Artificial Intelligence thread

bsdnf · May 5, 2026

From my observation, while China's LLM industry lacks computing power, it's not to that extent; this isn't something that can be solved simply with money.

As Deepseek pointed out, what they truly lack is data. LLM Company repeatedly claims that internet data has been exhausted and that it needs to rely on synthetic data. However, a significant portion of new data does not simply disappear; it flows into their closed database through chatbots and agents. Leading companies in the US first provide services, acquire data, then train more powerful models, gain more users and data, and simultaneously use these models to develop more powerful development pipelines, achieving a self-iterating flywheel.

This is likely one of the reasons why Deepseek initiated the major price cut: on the one hand, their extremely powerful kv-caching mechanism allows them to do so.
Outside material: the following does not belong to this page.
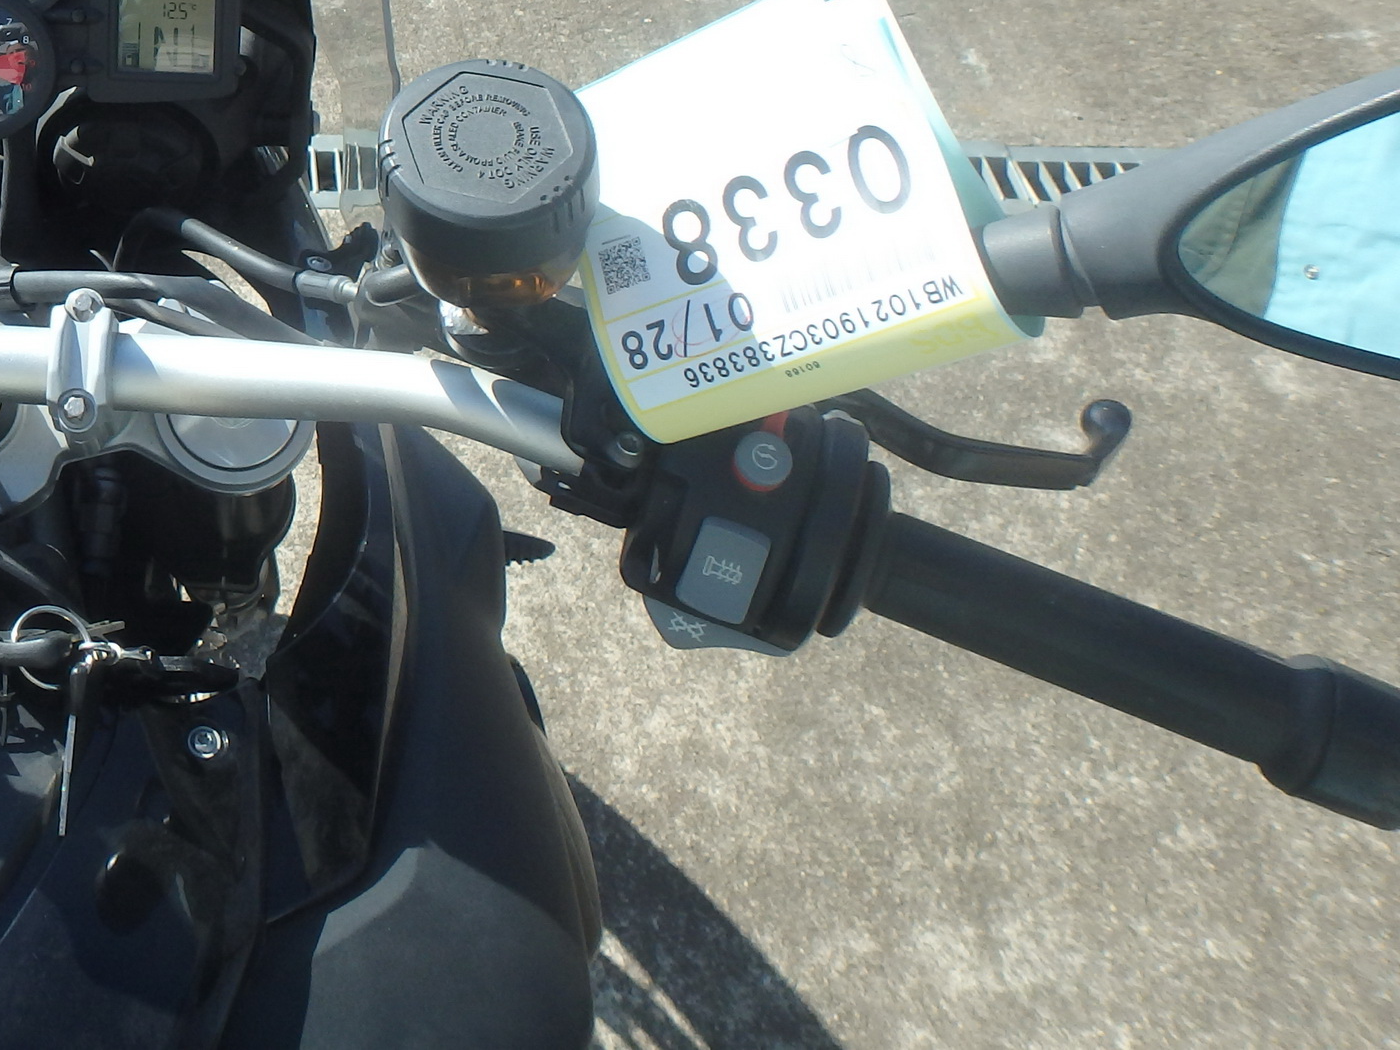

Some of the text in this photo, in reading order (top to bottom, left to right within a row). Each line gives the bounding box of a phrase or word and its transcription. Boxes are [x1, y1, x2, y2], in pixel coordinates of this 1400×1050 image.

When anthropic only provides a 5-minute kv cache, Deepseek can retain it for several days without charging any additional fees. And on the other hand, they hope to absorb enough data to re-accelerate their flywheel. Yes, 99% of the data is useless, but given enough data, some will eventually become useful. No company dares to admit that they can rely solely on synthetic data and human experts.

bsdnf · May 5, 2026

To be honest, I've been a bit spoiled by Deepseek.

Every time I switch to Kimi, I get annoyed by how quickly its context approaches the automatic compression limit for Claude code. Z.ai and Kimi really need to step up their efforts to replicate the V4 architecture; it's a lifesaver for their coding plans.

tphuang · May 5, 2026

bsdnf said:
From my observation, while China's LLM industry lacks computing power, it's not to that extent; this isn't something that can be solved simply with money.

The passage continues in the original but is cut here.